## [WHAT YOU ARE ASKED TO DO]
Copy out all lines from the entries below in which "BLOCK" occurs.
----- DATA TO PROCESS -----
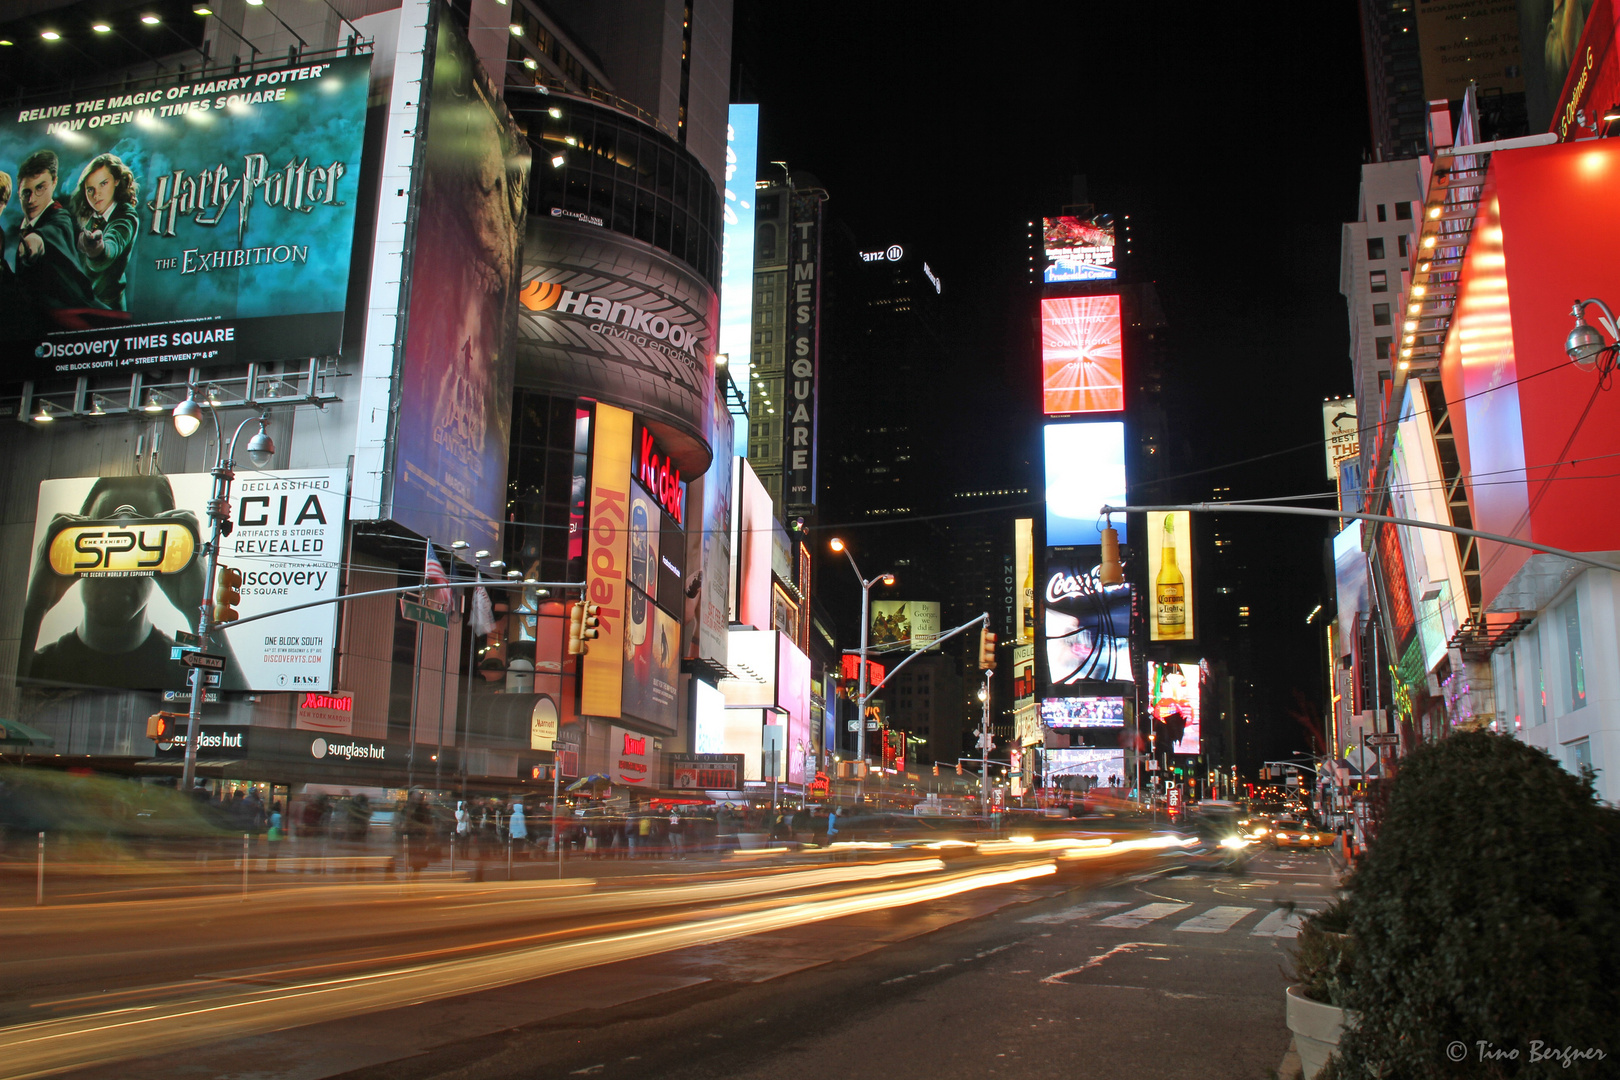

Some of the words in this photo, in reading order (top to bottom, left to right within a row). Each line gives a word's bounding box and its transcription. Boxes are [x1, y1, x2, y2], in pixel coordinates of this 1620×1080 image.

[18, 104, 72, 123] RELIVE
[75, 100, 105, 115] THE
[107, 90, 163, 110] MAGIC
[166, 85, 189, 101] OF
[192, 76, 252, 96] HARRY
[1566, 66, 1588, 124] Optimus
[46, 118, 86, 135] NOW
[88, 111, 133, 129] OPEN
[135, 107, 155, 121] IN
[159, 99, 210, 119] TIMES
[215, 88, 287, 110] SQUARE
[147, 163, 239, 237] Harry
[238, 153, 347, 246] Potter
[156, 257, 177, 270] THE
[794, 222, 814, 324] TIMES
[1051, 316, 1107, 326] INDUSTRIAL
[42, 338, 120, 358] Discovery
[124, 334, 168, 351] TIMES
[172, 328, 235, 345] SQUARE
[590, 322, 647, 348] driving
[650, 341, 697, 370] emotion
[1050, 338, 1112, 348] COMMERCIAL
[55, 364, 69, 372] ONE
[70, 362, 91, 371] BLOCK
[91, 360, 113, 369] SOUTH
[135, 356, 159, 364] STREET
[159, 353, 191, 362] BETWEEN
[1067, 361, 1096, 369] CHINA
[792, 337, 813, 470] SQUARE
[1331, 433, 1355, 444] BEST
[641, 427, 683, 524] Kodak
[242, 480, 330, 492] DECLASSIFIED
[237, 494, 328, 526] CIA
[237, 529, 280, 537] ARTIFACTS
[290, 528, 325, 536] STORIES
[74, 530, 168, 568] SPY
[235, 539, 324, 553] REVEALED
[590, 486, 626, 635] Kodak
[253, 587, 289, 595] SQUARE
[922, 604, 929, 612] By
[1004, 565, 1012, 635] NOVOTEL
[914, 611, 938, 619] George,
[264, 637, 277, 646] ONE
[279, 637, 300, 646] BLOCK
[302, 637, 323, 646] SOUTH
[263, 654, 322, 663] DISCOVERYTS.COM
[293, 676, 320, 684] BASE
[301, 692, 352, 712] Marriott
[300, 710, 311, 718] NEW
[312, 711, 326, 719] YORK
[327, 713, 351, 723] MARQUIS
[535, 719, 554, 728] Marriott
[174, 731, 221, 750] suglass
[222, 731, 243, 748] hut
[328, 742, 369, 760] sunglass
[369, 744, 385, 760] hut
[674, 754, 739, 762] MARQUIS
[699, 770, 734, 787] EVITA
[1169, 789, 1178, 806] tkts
-----
## [OUTPUT OF THE EXERCISE]
[70, 362, 91, 371] BLOCK
[279, 637, 300, 646] BLOCK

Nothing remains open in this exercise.